Sortir du cadre

Les comédiennes Violette Chauveau, Marie-France Lambert, Sophie Cadieux, Anne-Marie Cadieux et Anne-Élisabeth Bossé entourent la directrice de l’Espace Go, Ginette Noiseux.
Photo: François Pesant Le Devoir Les comédiennes Violette Chauveau, Marie-France Lambert, Sophie Cadieux, Anne-Marie Cadieux et Anne-Élisabeth Bossé entourent la directrice de l’Espace Go, Ginette Noiseux.

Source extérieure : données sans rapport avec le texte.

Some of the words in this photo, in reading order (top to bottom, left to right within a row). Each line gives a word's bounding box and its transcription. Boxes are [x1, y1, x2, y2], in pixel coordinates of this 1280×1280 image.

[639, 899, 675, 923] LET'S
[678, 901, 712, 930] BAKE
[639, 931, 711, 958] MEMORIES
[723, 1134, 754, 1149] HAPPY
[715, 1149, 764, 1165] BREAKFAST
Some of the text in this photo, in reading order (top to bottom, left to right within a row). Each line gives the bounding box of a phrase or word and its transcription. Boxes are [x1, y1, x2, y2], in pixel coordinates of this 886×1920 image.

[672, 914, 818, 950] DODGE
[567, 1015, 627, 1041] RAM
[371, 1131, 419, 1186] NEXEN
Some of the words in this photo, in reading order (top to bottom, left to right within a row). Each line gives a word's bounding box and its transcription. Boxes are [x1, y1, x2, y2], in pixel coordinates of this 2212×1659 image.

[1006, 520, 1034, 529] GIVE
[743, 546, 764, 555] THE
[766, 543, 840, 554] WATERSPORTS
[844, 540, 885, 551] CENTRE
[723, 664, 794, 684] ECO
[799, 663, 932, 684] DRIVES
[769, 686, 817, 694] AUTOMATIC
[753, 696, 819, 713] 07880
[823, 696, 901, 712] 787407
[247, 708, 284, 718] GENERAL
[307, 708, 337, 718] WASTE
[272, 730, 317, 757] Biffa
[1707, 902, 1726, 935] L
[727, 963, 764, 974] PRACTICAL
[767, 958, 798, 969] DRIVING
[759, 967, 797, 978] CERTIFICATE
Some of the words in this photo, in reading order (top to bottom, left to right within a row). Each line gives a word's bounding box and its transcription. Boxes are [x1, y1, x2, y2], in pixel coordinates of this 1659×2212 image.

Elles seront cinq. Cinq grandes figures de femmes « prêtes à exploser à l’intérieur d’elles-mêmes ». Ainsi s’est édifiée la saison 2013-2014 du théâtre Espace Go, qui accueille aussi quatre autres productions à l’invitation de la directrice artistique et générale Ginette Noiseux. Cette dernière s’est d’ailleurs posée en rempart mercredi contre la raréfaction de l’espace et du temps impartis à la création dans le fragile écosystème théâtral montréalais.

 

Le théâtre d’ici a beau rayonner à l’étranger, il a de moins en moins d’air pour respirer, relève Mme Noiseux. « Je suis indignée de voir tous ces projets, indispensables à la vitalité culturelle de Montréal, naître et mourir faute de pouvoir s’élever. Mes parents étaient des nègres blancs d’Amérique ; je constate que les artistes sont les nègres blancs de l’industrie culturelle d’aujourd’hui. »

 

Mieux protégés, les espaces de création, Espace Go compris, n’en sont pas moins fragilisés eux aussi par les restrictions budgétaires à répétition. Malgré des moyens serrés, le théâtre du boulevard Saint-Laurent a néanmoins encore du temps à offrir à ses complices, rappelle Mme Noiseux. « Ce temps-là, ce sont nos partenaires privés qui nous le donnent parce qu’eux, ils comprennent cela. Cela fait d’Espace Go un lieu habité.»

 

Cette saison est un peu la somme de l’esprit de tous les artistes fédérés à Go qui y rêvent et grandissent malgré la tempête qui se déchaîne dehors, poursuit Mme Noiseux. « Nous travaillons avec des metteurs en scène à la signature forte, Haentjens, Marleau, Ronfard, ce sont des peintres, des grands maîtres qui ont besoin d’espace et de temps pour faire ce qu’ils font d’une manière pareille à nulle autre. »

 

Et puis il y a l’esprit de Sophie Cadieux, qui flotte tout autour cette année encore. La comédienne, qui finit un cycle de trois ans de résidence, a beaucoup mûri, remarque Ginette Noiseux. « La présence de Sophie ne cesse de nous étonner, de nous nourrir. Elle est arrivée chez nous alors qu’elle était encore une comédienne se sachant regardée, elle est maintenant passée au statut d’artiste complètement libre. »

 

La sentant prête, la directrice l’a convaincue de faire le saut du côté de la mise en scène. En mars, Sophie Cadieux dirigera donc Marie-France Lambert dans un monologue signé Guillaume Corbeil, Tu iras la chercher. La jeune comédienne sera aussi au centre de la distribution de La ville, la pièce à l’inquiétante d’étrangeté du Britannique Martin Crimp à laquelle s’attaqueront Denis Marleau et Stéphanie Jasmin, en janvier.

 

En parallèle Sophie Cadieux poursuivra son exploration à travers des projets plus personnels qui se déploieront tout au long de la saison pour se terminer par un « pyjama party ».

 

La saison s’ouvrira en septembre sur un clin d’oeil aux Trois soeurs de Tchekhov avec Villa Dolorosa, une pièce de l’Allemande Rebekka Kricheldorf. Martin Faucher signera la mise en scène de ce texte qu’il a d’abord mis en lecture aux Dramaturgies en dialogue.

 

Suivra en octobre la reprise d’Une vie pour deux, qui a valu des éloges à la comédienne Violette Chauveau. Portée par le souffle du roman du même nom de Marie Cardinal, la pièce d’Évelyne de la Chenelière est mise en scène par la fille de l’écrivaine, Alice Ronfard.

 

La saison de Go se finira par une incursion dans l’esprit d’un monument littéraire, James Joyce. AvecMolly Bloom, Brigitte Haentjens s’attaque au célèbre monologue intérieur du personnage féminin phare du roman Ulysse. C’est Anne-Marie Cadieux qui livrera le flot imaginé par l’auteur anglais et traduit ici par nul autre que Jean Marc Dalpé.